PROBLEM REQUIREMENTS: The records below must be copied in full; omit the images.

**** DATASET EXTRACT

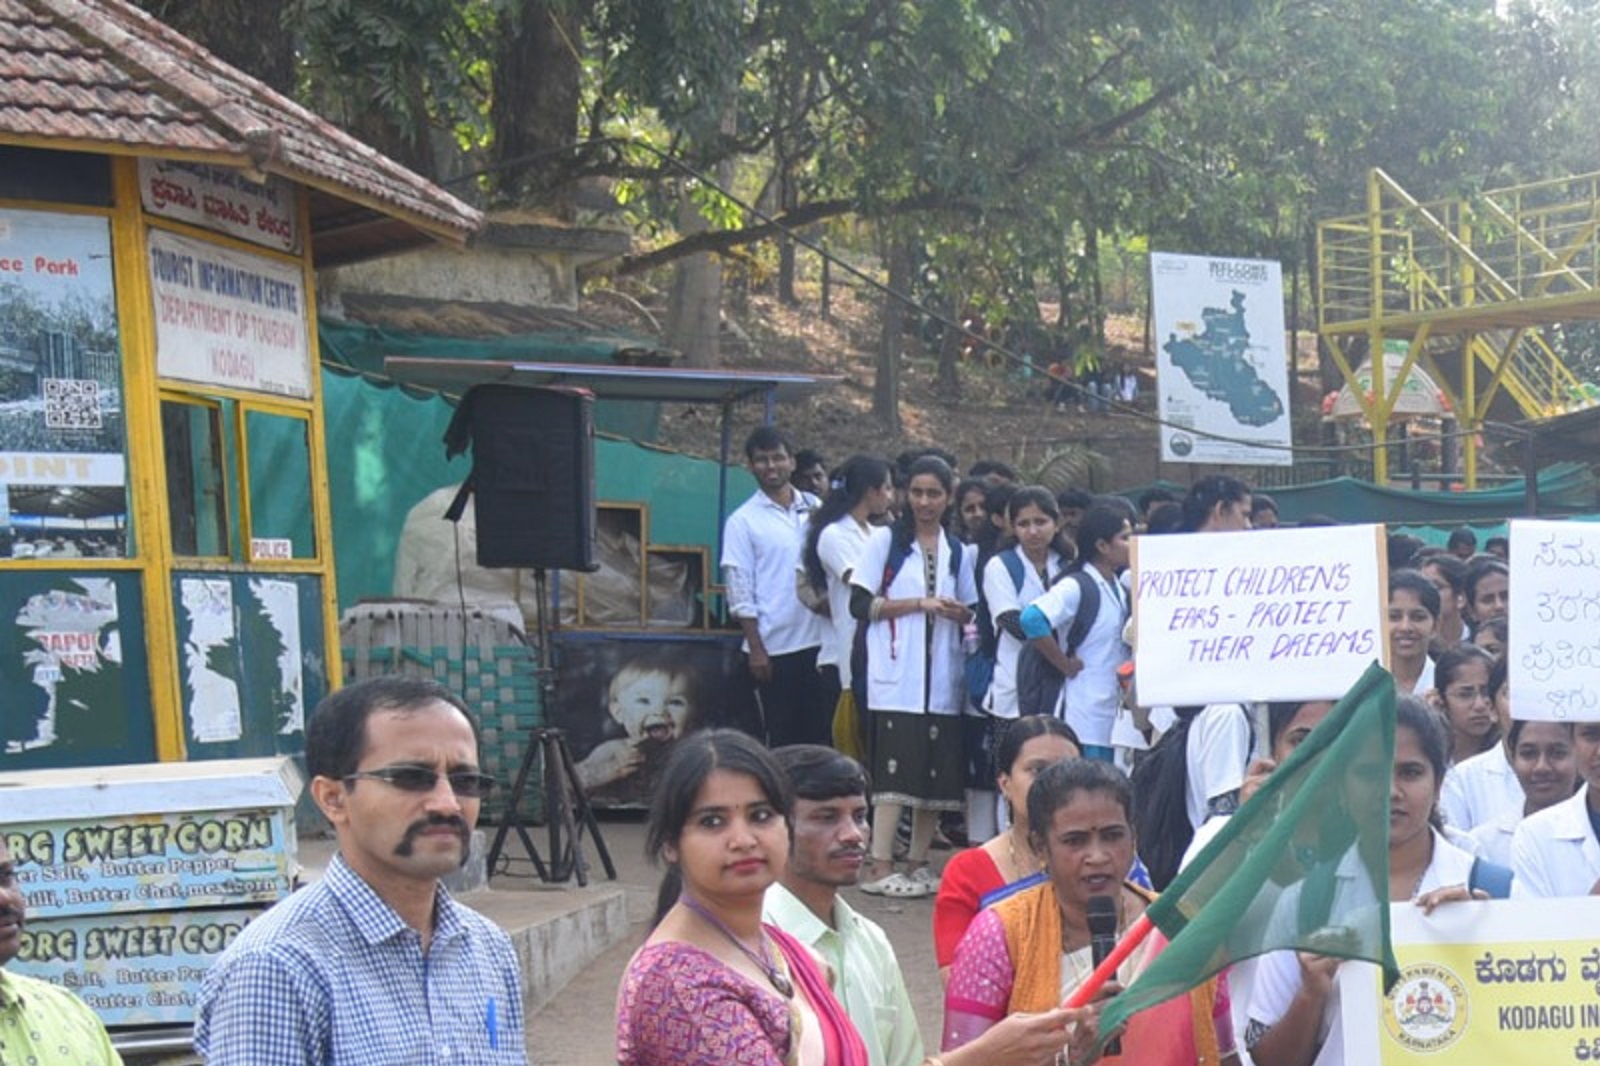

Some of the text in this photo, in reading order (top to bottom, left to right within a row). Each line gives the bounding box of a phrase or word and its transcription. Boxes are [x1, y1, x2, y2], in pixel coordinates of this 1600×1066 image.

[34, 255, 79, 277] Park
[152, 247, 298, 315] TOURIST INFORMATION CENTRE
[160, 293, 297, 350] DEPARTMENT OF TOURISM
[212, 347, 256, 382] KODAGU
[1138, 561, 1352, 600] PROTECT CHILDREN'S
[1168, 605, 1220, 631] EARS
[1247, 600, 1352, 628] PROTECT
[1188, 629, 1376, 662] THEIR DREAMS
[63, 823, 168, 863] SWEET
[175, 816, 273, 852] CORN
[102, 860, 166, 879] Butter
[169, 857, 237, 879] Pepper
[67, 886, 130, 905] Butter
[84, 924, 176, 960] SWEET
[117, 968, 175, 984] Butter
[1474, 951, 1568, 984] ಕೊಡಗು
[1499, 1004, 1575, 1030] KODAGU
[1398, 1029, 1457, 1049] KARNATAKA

********

EXPECTED OUTPUT:
Some of the text in this photo, in reading order (top to bottom, left to right within a row). Each line gives the bounding box of a phrase or word and its transcription. Boxes are [x1, y1, x2, y2], in pixel coordinates of this 1600×1066 image.

[34, 255, 79, 277] Park
[152, 247, 298, 315] TOURIST INFORMATION CENTRE
[160, 293, 297, 350] DEPARTMENT OF TOURISM
[212, 347, 256, 382] KODAGU
[1138, 561, 1352, 600] PROTECT CHILDREN'S
[1168, 605, 1220, 631] EARS
[1247, 600, 1352, 628] PROTECT
[1188, 629, 1376, 662] THEIR DREAMS
[63, 823, 168, 863] SWEET
[175, 816, 273, 852] CORN
[102, 860, 166, 879] Butter
[169, 857, 237, 879] Pepper
[67, 886, 130, 905] Butter
[84, 924, 176, 960] SWEET
[117, 968, 175, 984] Butter
[1474, 951, 1568, 984] ಕೊಡಗು
[1499, 1004, 1575, 1030] KODAGU
[1398, 1029, 1457, 1049] KARNATAKA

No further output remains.